Using no-name brand components in your van or RV electrical system is a way to cut costs. Still, more often than not, the quality, warranty, and customer service down-sides to choosing this method outweigh the cost savings, so in this blog post, we will talk about more ‘strategic’ ways to decrease costs through system design while using the high-quality components you want to get the most bang for your buck.
Be Realistic in Your Power Audit
The first and most obvious way to save money on your camper electrical system is to have realistic expectations of what you will power. If you need to power your phone, lights, fans, air conditioner, and Tesla coil, you must build a very expensive electrical system.
You can build a more budget-friendly system if you can leave the Tesla coil at home and travel to cooler environments that limit or eliminate air conditioner usage.
Use Fewer Batteries
There are batteries of many different storage capacities on the market, and using larger batteries and fewer of them is a good way to save money on your electrical system without sacrificing capacity. Battle Born Batteries, for example, has a 100Ah battery and a 270Ah battery, and both of them are the same price per amp hour:
If you need 5-600Ah of battery bank capacity, the EXPLORIST.life battery bank wiring kit required to wire 6x batteries together is 3.5x more expensive than the 2x battery bank wiring kit and would save about $125 in wire and lugs. Copper is expensive. Plus, it takes 5x as long to wire six batteries together as it does for two batteries. Time is money.
Use Bigger Solar Panels
Similar to batteries, if you opt to use larger but fewer solar panels, it may save you some money. For example, A 200w solar panel from Rich Solar is twice as expensive as a 100w solar panel with shipping included, so dollar-per-watt, it doesn’t matter, but it takes twice as many mounting brackets and screws to mount the smaller panels, which adds up. Plus, if you put a dollar amount on your time, installing twice as many smaller panels will take you twice as long as installing fewer, larger panels for the same power output.
Pre-Plan Your Solar Array
If you have a 300-400Ah battery bank, you should aim for about 6-800W of solar if you have the room. There is only one way to wire 7x 100w solar panels to deliver adequate voltage to the charge controller, and that one way will climb to over 150V, which requires a charge controller capable of handling such high voltages.
If you opt for more power at 800w, you can use 4x 200w panels, which will have slightly lower solar array voltage but still adequate for the MPPT charge controller, which will result in a lower voltage charge controller being able to be used, which saves money.
Opting for 800W over 700W in this scenario would save $25, AND you’d have more power coming from the array.
Consider a Higher Voltage System
A higher voltage system lowers the amperage for components with the same wattage output. For example, the 12V 3kVA Victron Multiplus requires 4/0 wire, and the 24V 3kVA Multiplus requires 1/0 wire, which is nearly half the price.

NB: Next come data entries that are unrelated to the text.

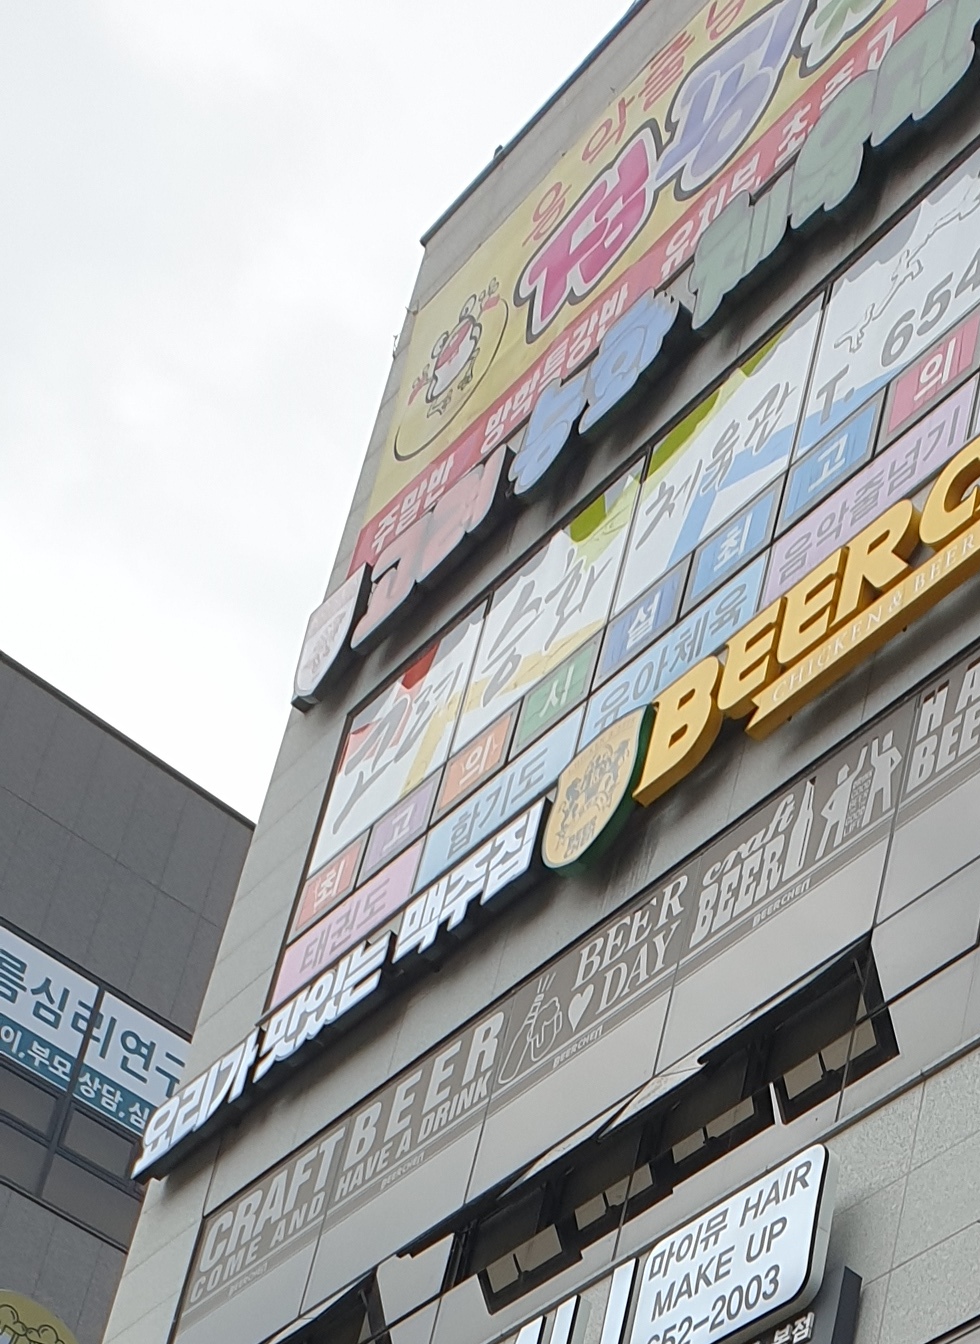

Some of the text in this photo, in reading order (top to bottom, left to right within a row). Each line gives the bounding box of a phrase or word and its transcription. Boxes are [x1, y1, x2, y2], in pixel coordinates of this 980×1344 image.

[815, 364, 855, 425] T.
[350, 443, 508, 649] 고려
[508, 287, 680, 495] 승화
[371, 455, 456, 552] 주말반
[771, 607, 883, 704] CHICKEN
[913, 535, 976, 593] BEER
[299, 877, 390, 974] 태권도
[447, 748, 549, 860] 합기도
[594, 578, 747, 729] 유아체육
[778, 406, 960, 586] 음악줄넘기
[332, 662, 465, 835] 고려
[483, 545, 613, 708] 승화
[691, 838, 783, 945] BEER
[703, 795, 795, 883] craft
[132, 797, 547, 1179] 요리가 맛있는 맥주집
[571, 875, 689, 998] BEER
[595, 930, 681, 1027] DAY
[189, 1235, 262, 1303] COME
[269, 1190, 326, 1249] AND
[334, 1138, 394, 1203] HAVE
[394, 1127, 413, 1160] A
[417, 1074, 493, 1145] DRINK
[199, 1011, 505, 1273] CRAFT BEER
[647, 1158, 811, 1283] 마이뮤 HAIR
[651, 1216, 789, 1323] MAKE UP

Alternatively, if you have an adequately sized battery bank, you can get more bang for your buck by going with a 24V system over a 12V system. For example:
Both the 12V 3kVA Multiplus and the 24V 5kVA Quattro call for 4/0 wire in their user manual, so you are getting more inverter output capacity with the same wire size since the higher voltage of the 24V system lowers the amperage of the 5kVA output to near what the 12V 3kVA output would be. (Note: You need twice as much minimum battery bank capacity to power the Multiplus 5k over the 3k – 400Ah @ 12V for the 3k and 400Ah @ 24V (800Ah @ 12V Equivalent) for the 5k)
Similarly, with solar arrays, choosing a 24V system over a 12V system results in a smaller charge controller being able to be used for the same wattage output since the (Watts / Volts = Amps) amperage is lower as the voltage climbs for the same wattage:
Now, 12V systems are the simplest to understand, so if it is the first off-grid electrical system you’ve ever built, I still strongly recommend 12V systems because the fastest way to blow the budget on your build is to make a mistake and wire something incorrectly, for example: This is the result of somebody running 12V components from wires sized for a 24V system, which got very expensive in a hurry:
24V System VS 12V Camper Electrical System Price?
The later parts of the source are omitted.